| YOUR INSTRUCTIONS |
Your output should be an exact copy of the records, with no pictures in it.

[[ DATA FOR ANALYSIS open ]]

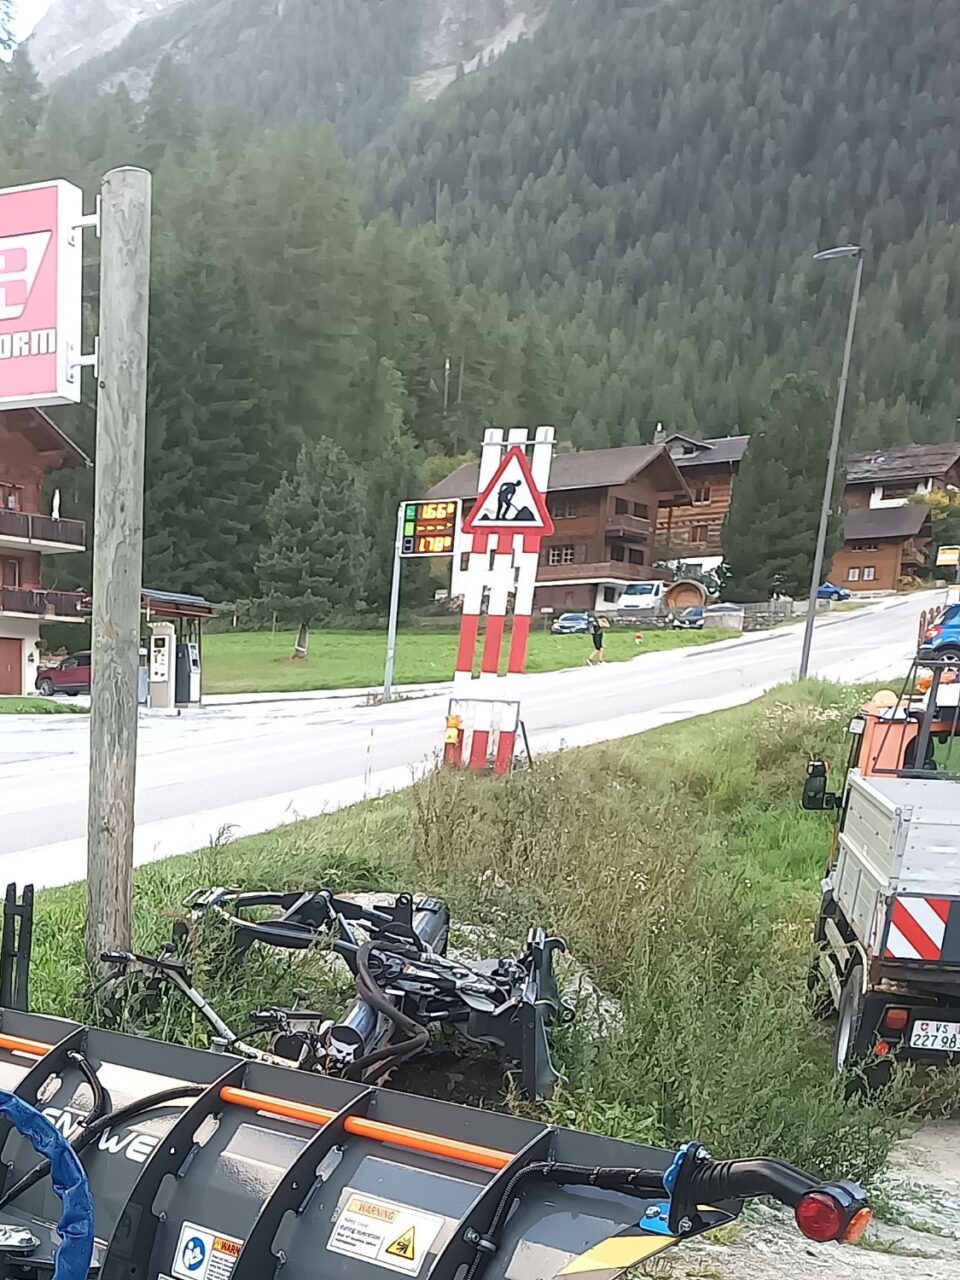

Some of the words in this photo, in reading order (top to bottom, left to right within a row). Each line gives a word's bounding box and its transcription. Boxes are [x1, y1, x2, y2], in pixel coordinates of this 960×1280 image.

[936, 1023, 949, 1034] VS
[913, 1034, 938, 1047] 227
[941, 1035, 960, 1049] 98
[358, 1202, 395, 1221] WARNING
[221, 1241, 241, 1255] WARN

[[ DATA FOR ANALYSIS closed ]]

| ANSWER TO THIS TASK |
Some of the words in this photo, in reading order (top to bottom, left to right within a row). Each line gives a word's bounding box and its transcription. Boxes are [x1, y1, x2, y2], in pixel coordinates of this 960×1280 image.

[936, 1023, 949, 1034] VS
[913, 1034, 938, 1047] 227
[941, 1035, 960, 1049] 98
[358, 1202, 395, 1221] WARNING
[221, 1241, 241, 1255] WARN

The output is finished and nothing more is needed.